Sin Cannot Overcome Those Who Focus on Jesus

God chose Israel, the Jews, and Jesus to show His unworldly love and power to all people. All worldly things are against God and multiply fast. God desires that everyone choose Him and be eternally with Him, but heaven cannot be ours if God is not our focus when we die or Jesus returns.

The Bible says everyone, Jew and Gentile alike, is accountable to Jesus. Jesus, the righteous judge, will judge everyone upon death or when He returns. We know, and are known, by Jesus, and turn to Him in repentance after sinning and we are forgiven, or else we remain in our sin.

Being forgiven does not make our wrongs right, nor does it take away the consequences of sins, but forgiveness provides opportunity for personal growth. God’s forgiveness allows us to remain within God’s family and provides opportunity for the Holy Spirit to work on our spirits.
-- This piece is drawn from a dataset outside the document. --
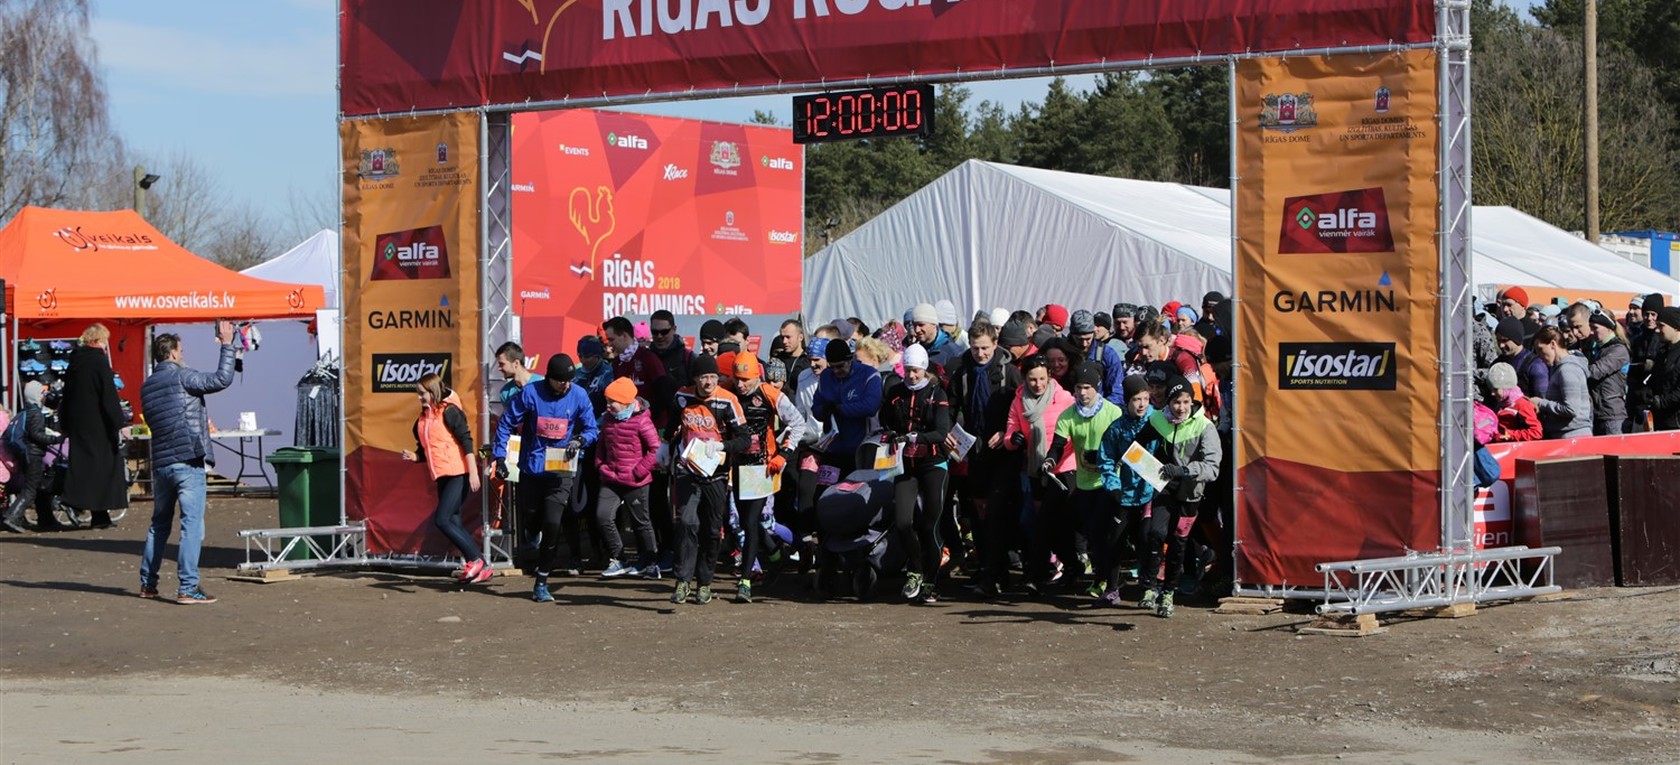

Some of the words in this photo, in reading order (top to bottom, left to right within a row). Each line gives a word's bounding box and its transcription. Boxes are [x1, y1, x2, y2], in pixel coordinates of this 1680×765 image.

In divine justice, the repentant heart is atoned for and found not guilty whereas the willfully unrepentant heart remains guilty and must receive retribution. Wrongs must be dealt with in a just society. God, the epitome of a perfectly just society, ensures that there are no mistrials.

Most people understand how sin hurts victims, their families, and friends, and, also, how it hurts perpetrators, their friends, families, and other involved parties. The most profound consequences of sins, for Christians, are spiritual, especially when sinners counter God through disobedience.

People develop habits from an incredibly early age. They learn them from their families or later at school or work. Good habits generally improve life while bad habits degrade and shorten life. Once entrenched, habits are difficult to break. Sins too easily become habitual and are difficult to overcome but for God. Psychologists and twelve step programs help people control their harmful behaviors but God, who defines many bad behaviors as sins, uses His divine justice to treat sin.

Those who are guilty and caught off guard when Jesus returns will be at His mercy and will be held accountable for all sins that have not been redeemed or atoned for by Jesus. God is neither cruel or judgmental, but He is the beginning and ending of all things. What God deems as right is right, and it supports life. What God deems as evil is evil, and evil supports death. God is perfectly just and His justice is perfectly righteous.

What, then, does God expect of Christ’s followers in terms of sin, and how does He want us to live? The answers are clear in the Bible and through Jesus’s life. These teachings are difficult to uphold because they oppose the world which rails against those who uphold God and His Word. But God directs us to uphold His laws through modeling Jesus’s life and teachings.

Jesus stood with those who faithfully stood with Him and His teachings. Jesus is perfect love, justice, and obedience. Everyone, regardless of ability, birthplace, color, ethnicity, nationality, and sex, has equal standing before God. All are free in God’s eyes and not a slave to anyone.

Worldly things (such as beauty and strength, power and popularity, and good works) carry no value in God’s economy. Some Christians place importance on things that do not matter to God. They are good at making mountains out of mole hills, especially regarding the things that others may do wrong, but which God does not see as sinful. God knows our hearts and separates what matters from what damages and kills the human spirit, those things which draw people away from Him and His goodness.

Christians are not perfect. They sin, but if they relate with God in prayer and Bible reading, they know that their sin must be repented of and turned from, because if not, sin will kill their spirits and relationships with others. If not dealt with, sin suffocates human spirits to the extent that they no longer can feel their consciences twinge when they sin. Most serious of all is how sin kills the relationship between human spirits and God. It kills affinity with God for His creation.

Christians focus on Jesus because Christlikeness is the goal of their faith. When they sin, they are convicted of how they hurt others and God, and they want to set things right. If their sin becomes habitual, faithful Christians will seek out wise counsel to help them return to God in the power of the Holy Spirit. God’s love and mercy will help them refocus on Christ and turn from their evil. Despite wanton efforts to distort its veracity, the Bible is our best resource on most things.

A Christian is always loving even when in disagreement. Sometimes the best thing that can be said is nothing. It is better to be silent than to lie or say things in anger. Today, much is stretched and embellished to the point that it no longer resembles the truth. The less said, the less there is to misunderstand. No one knows everything. When we do not know, we admit we do not know.

The most important thing that Christians know is that they are God’s children and one day they will inhabit a perfect world free of sin. Until then they will persevere the world’s ways and live lovingly in truth as Jesus did. Because they know and are known by God, Christians reciprocate God’s perfect love to Him and to other people because Jesus, their model, is also their focus.